Would you return the entries below exactly from the line containing "this 1600×1288 image." onward, ending with the final line and including it, and nothing else?

BEGIN Extracted information

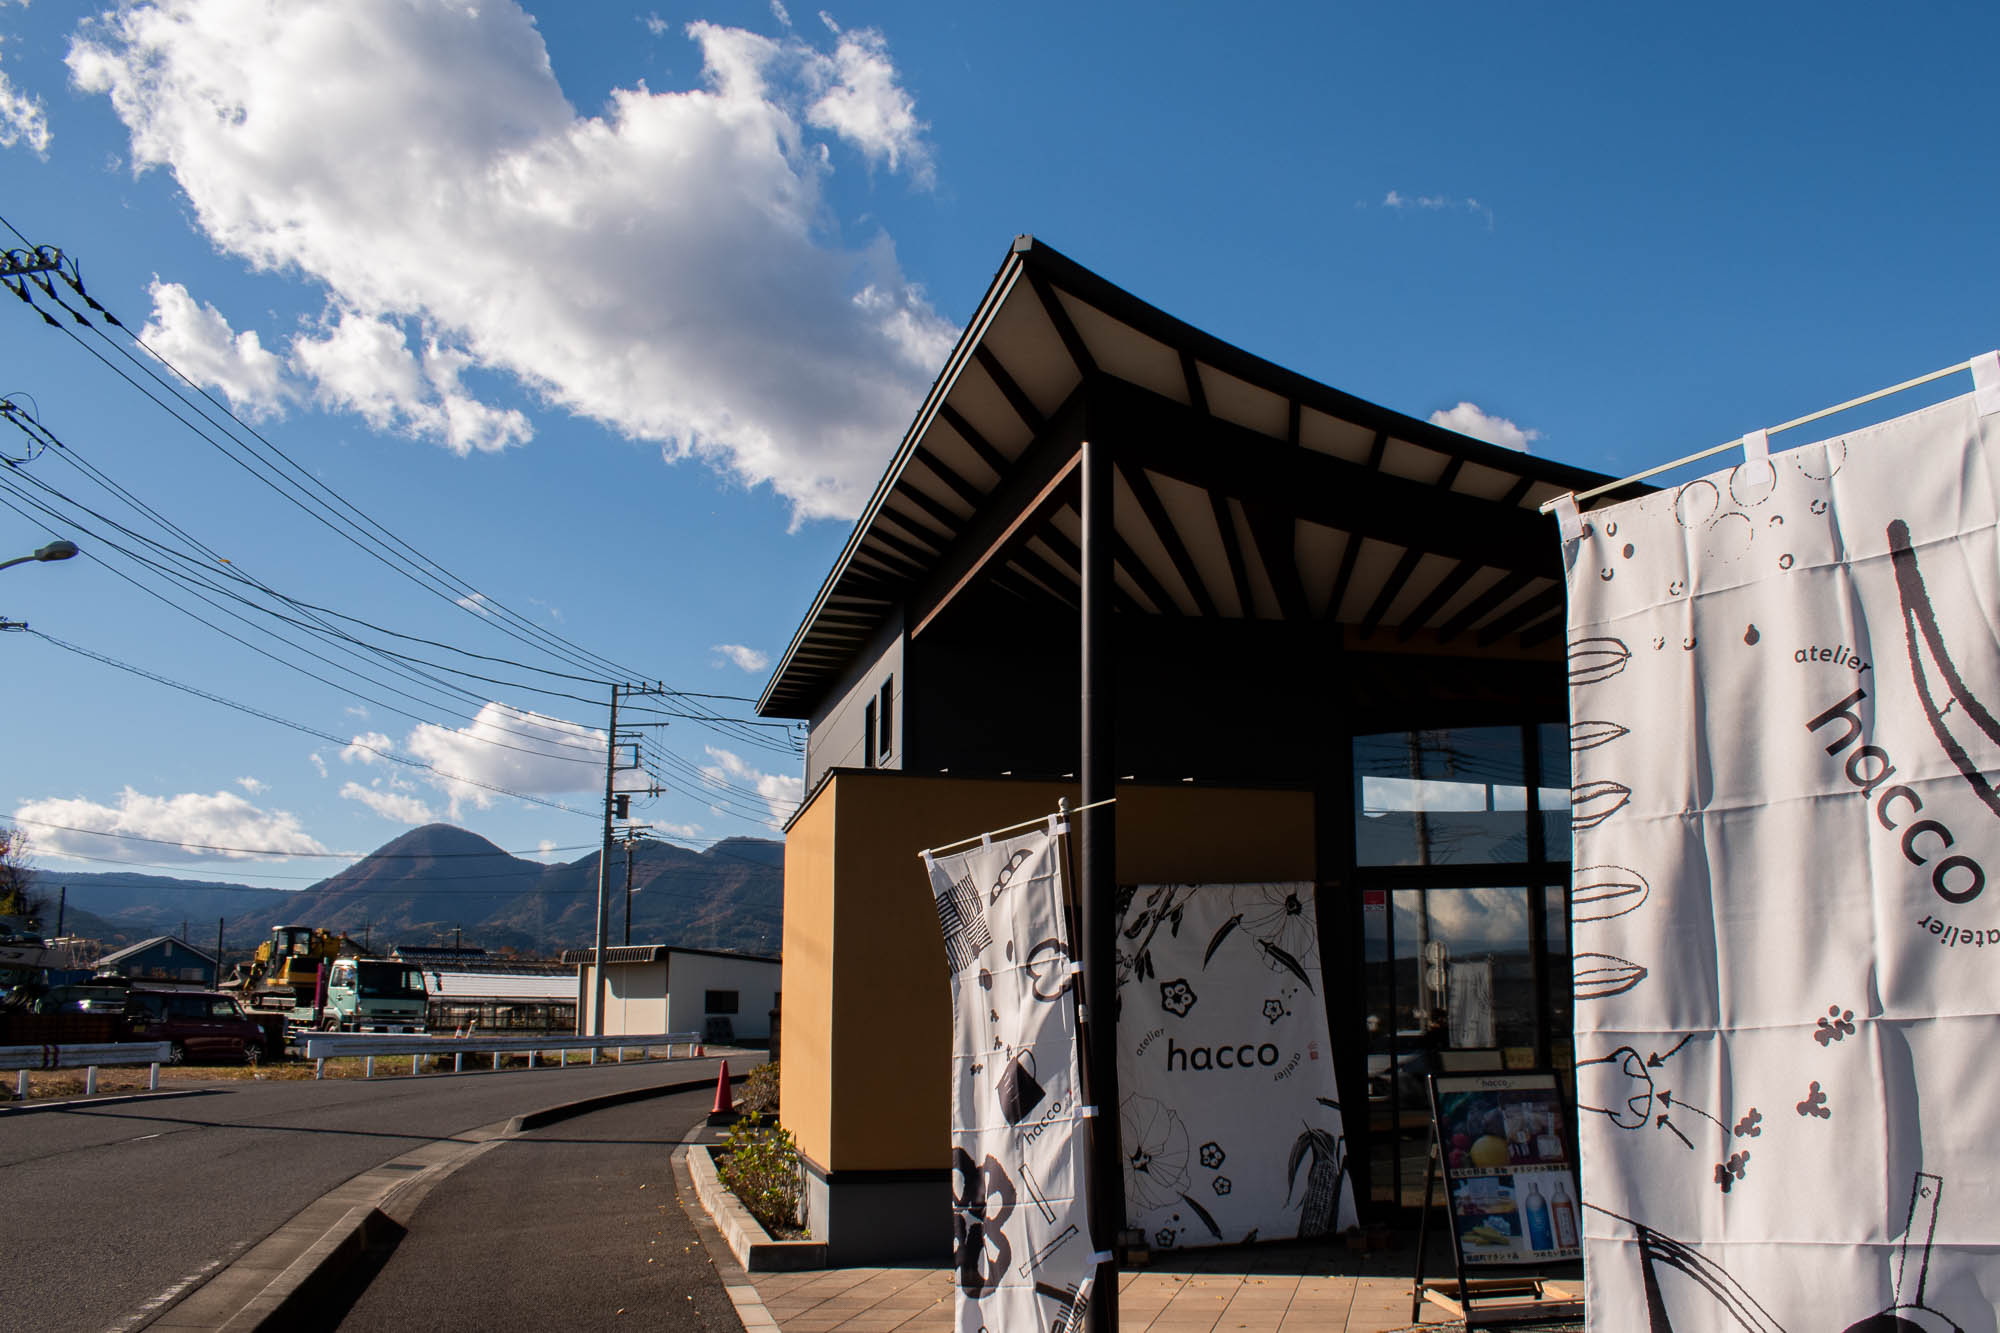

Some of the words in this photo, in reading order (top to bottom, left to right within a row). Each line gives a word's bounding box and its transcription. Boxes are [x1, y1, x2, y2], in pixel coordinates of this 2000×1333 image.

[1794, 644, 1872, 674] atelier
[1806, 688, 1985, 904] hacco
[1917, 915, 2000, 948] atelier
[1136, 1028, 1165, 1056] atelier
[1167, 1038, 1279, 1072] hacco
[1274, 1052, 1300, 1081] atelier
[1023, 1102, 1062, 1145] hacco
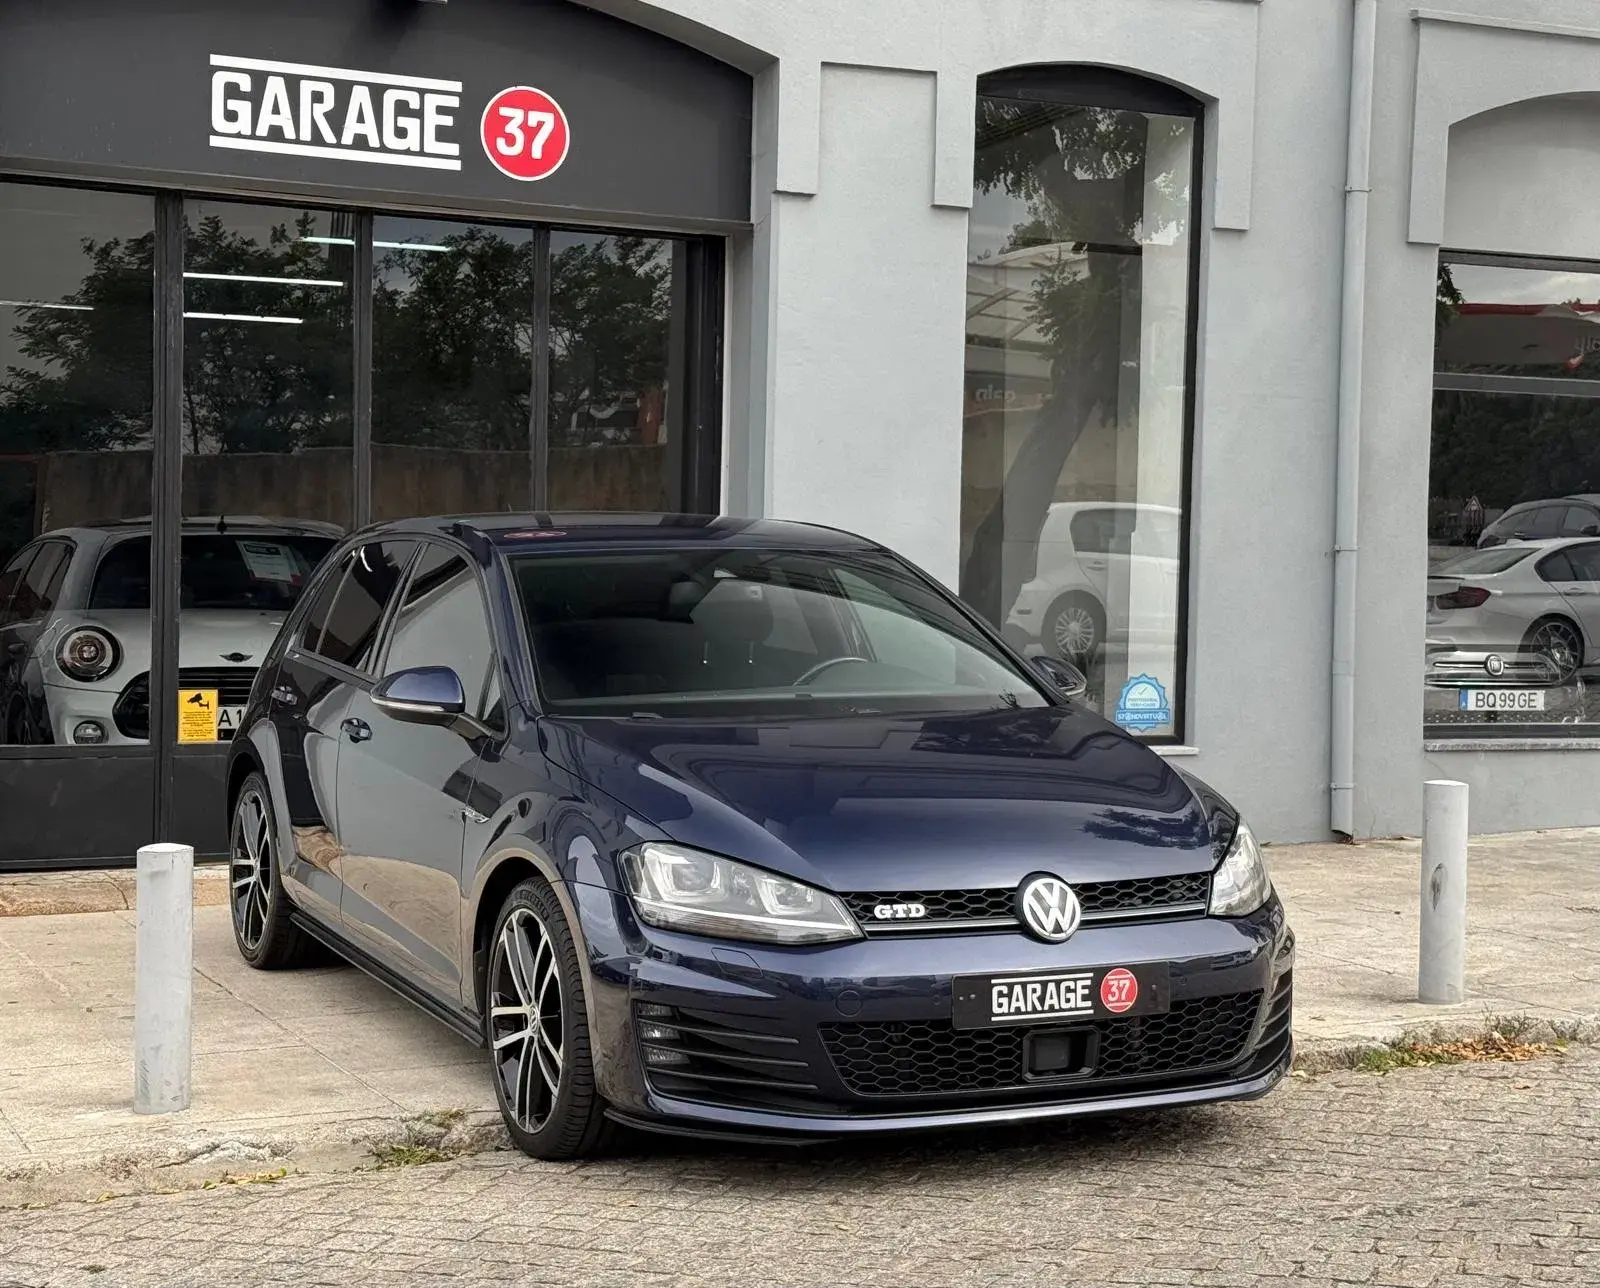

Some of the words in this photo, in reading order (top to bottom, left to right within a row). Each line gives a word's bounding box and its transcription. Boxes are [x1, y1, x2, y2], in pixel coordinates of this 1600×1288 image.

[211, 70, 460, 156] GARAGE
[496, 107, 555, 159] 37
[873, 904, 926, 919] GTD
[992, 979, 1092, 1014] GARAGE
[1107, 979, 1131, 1001] 37

END Extracted information

Exercise output:
Some of the words in this photo, in reading order (top to bottom, left to right within a row). Each line gives a word's bounding box and its transcription. Boxes are [x1, y1, x2, y2], in pixel coordinates of this 1600×1288 image.

[211, 70, 460, 156] GARAGE
[496, 107, 555, 159] 37
[873, 904, 926, 919] GTD
[992, 979, 1092, 1014] GARAGE
[1107, 979, 1131, 1001] 37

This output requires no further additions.